Should we have equestrian political leaders?


(My blogging illiteracy prevents me from having a photo and the respective text in the same post. Although I suspect that Blogger, Hello and Picasa are a bunch of inapt software non-entities, my apologies for that shortcoming)

Lots of excitement, in the media and in the calle, about the commando-like operation that removed the equestrian statue of Francisco Franco at 2 AM, yesterday, from the last square in Madrid where the Caudillo was still standing. Mercedes, my blondish acquaintance with right wing leanings, is philosophical. She knew it would be, in her words, "too much of a suculent bone to throw at the leftist masses", to be left untouched.

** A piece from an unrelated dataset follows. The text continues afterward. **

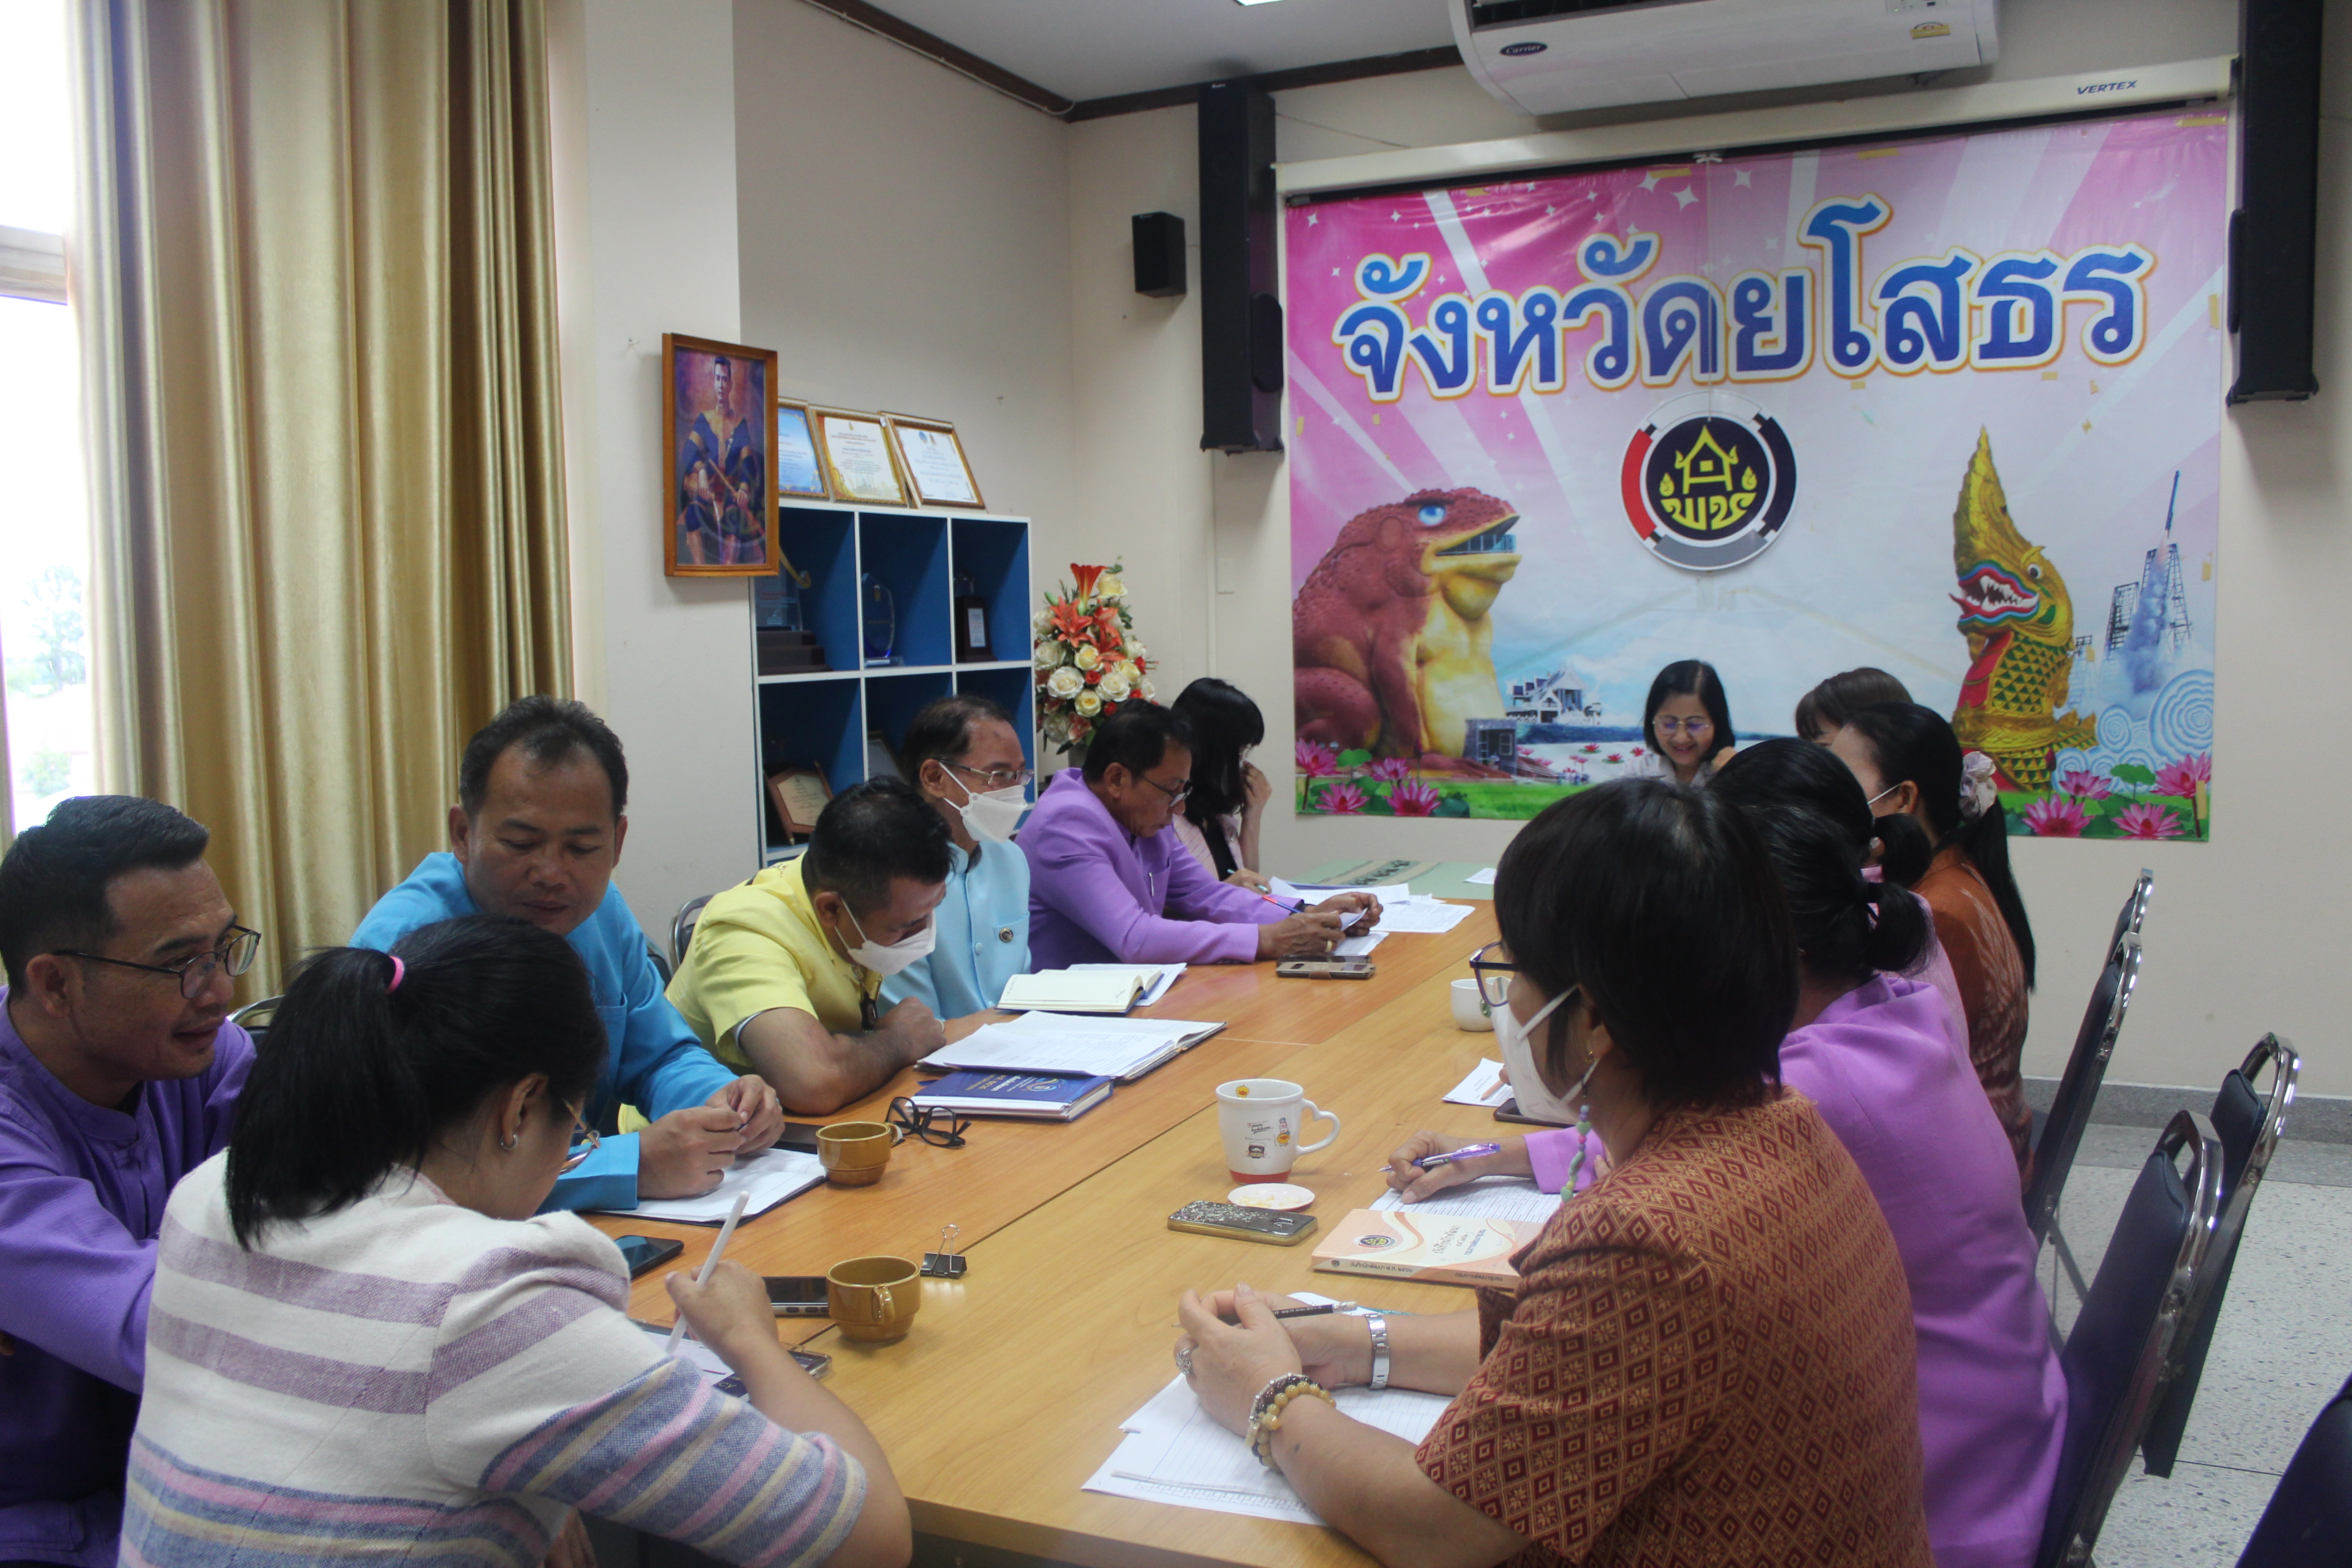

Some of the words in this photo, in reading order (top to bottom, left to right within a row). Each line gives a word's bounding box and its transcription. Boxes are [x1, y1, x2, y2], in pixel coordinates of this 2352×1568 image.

What really gets her red-eyed and coarse-voiced in indignation is the fact it happened almost at the same time Santiago Carrillo, an historical leader of the communist Party in Spain was being happybirthdaytuyued by the "Reds and their traveling Companions", she said. I try to engage Mercedes in a little barter session. "How about a finger pointing bronze Lenin in the main square of Kaliningrad? If they remove it, would you give up Franco's statue in Santander?" She looks at me, with flaming irate blue eyes: "Are you putting Lenin and the Generalissimo in the same basket?" I calm her down by pointing to the fact that Santander cannot be compared, in historical significance, to ex-Konisberg, and in being so, my proposed deal is quite fair after all. She's not convinced. She's not keen at all on stretching her arm in fascist salute but she views Franco as History, and the removal of the statue an attempt at revisionism. I happened to have lunch yesterday at the "power table" of that unsurpassed Madrid institution, the restaurant "Jockey". Green covered tables, London club-like atmosphere, perfect langostinos and pretty reasonable cold partridge salad. My host points at the first table from the right when one enters the main area of the U-shaped dining room. Tells me of lawyers who do well under the current political colours. I wonder how they would react to the news of the removal of both horse and jockey? A discrete toast perhaps? Ordering a very old oloroso? How many decades, halfcenturies, full centuries until a political sovereign can safely rest on his bronze horse without 2 AM surprises? Is Marshal Jukov safe in the Ohotniy Ryad entrance to the Red Square? Is Theodore Roosevelt safe in the steps of a New York Museum (oops! an hero of the American-Spanish War..)? Is the "Black Prince" safe in Leeds? Is one's own King John II safe in his sunny Lisbon square?